**WHAT THE EXERCISE ASKS**
For each record that follows, write out an identical copy.

Records from a collection
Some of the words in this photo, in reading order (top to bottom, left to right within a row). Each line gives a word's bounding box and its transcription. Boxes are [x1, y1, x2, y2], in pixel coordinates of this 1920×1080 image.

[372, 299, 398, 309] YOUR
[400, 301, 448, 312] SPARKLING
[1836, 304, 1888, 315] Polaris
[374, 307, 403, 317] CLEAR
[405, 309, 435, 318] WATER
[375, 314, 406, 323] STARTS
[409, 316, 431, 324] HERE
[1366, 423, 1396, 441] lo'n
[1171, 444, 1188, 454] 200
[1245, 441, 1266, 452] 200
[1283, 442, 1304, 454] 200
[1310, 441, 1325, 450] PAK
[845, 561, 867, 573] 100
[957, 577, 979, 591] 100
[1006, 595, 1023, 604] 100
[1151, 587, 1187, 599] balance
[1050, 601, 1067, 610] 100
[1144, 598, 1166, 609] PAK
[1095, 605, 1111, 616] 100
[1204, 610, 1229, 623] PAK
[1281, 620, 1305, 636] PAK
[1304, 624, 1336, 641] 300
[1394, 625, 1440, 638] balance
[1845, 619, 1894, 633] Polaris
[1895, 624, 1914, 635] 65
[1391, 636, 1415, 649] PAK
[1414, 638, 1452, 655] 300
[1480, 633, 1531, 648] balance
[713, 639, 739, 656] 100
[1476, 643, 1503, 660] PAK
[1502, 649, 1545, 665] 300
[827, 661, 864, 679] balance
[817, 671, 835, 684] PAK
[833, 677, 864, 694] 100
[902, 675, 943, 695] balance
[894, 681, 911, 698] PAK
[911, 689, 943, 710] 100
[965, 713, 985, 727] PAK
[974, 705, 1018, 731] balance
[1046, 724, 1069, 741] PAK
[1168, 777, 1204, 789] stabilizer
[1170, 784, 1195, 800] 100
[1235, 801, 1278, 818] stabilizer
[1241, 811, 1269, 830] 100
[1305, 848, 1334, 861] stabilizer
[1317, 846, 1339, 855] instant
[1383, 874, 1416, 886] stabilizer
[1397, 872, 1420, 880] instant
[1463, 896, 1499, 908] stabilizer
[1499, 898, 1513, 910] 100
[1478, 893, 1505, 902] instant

**RESULT**
Some of the words in this photo, in reading order (top to bottom, left to right within a row). Each line gives a word's bounding box and its transcription. Boxes are [x1, y1, x2, y2], in pixel coordinates of this 1920×1080 image.

[372, 299, 398, 309] YOUR
[400, 301, 448, 312] SPARKLING
[1836, 304, 1888, 315] Polaris
[374, 307, 403, 317] CLEAR
[405, 309, 435, 318] WATER
[375, 314, 406, 323] STARTS
[409, 316, 431, 324] HERE
[1366, 423, 1396, 441] lo'n
[1171, 444, 1188, 454] 200
[1245, 441, 1266, 452] 200
[1283, 442, 1304, 454] 200
[1310, 441, 1325, 450] PAK
[845, 561, 867, 573] 100
[957, 577, 979, 591] 100
[1006, 595, 1023, 604] 100
[1151, 587, 1187, 599] balance
[1050, 601, 1067, 610] 100
[1144, 598, 1166, 609] PAK
[1095, 605, 1111, 616] 100
[1204, 610, 1229, 623] PAK
[1281, 620, 1305, 636] PAK
[1304, 624, 1336, 641] 300
[1394, 625, 1440, 638] balance
[1845, 619, 1894, 633] Polaris
[1895, 624, 1914, 635] 65
[1391, 636, 1415, 649] PAK
[1414, 638, 1452, 655] 300
[1480, 633, 1531, 648] balance
[713, 639, 739, 656] 100
[1476, 643, 1503, 660] PAK
[1502, 649, 1545, 665] 300
[827, 661, 864, 679] balance
[817, 671, 835, 684] PAK
[833, 677, 864, 694] 100
[902, 675, 943, 695] balance
[894, 681, 911, 698] PAK
[911, 689, 943, 710] 100
[965, 713, 985, 727] PAK
[974, 705, 1018, 731] balance
[1046, 724, 1069, 741] PAK
[1168, 777, 1204, 789] stabilizer
[1170, 784, 1195, 800] 100
[1235, 801, 1278, 818] stabilizer
[1241, 811, 1269, 830] 100
[1305, 848, 1334, 861] stabilizer
[1317, 846, 1339, 855] instant
[1383, 874, 1416, 886] stabilizer
[1397, 872, 1420, 880] instant
[1463, 896, 1499, 908] stabilizer
[1499, 898, 1513, 910] 100
[1478, 893, 1505, 902] instant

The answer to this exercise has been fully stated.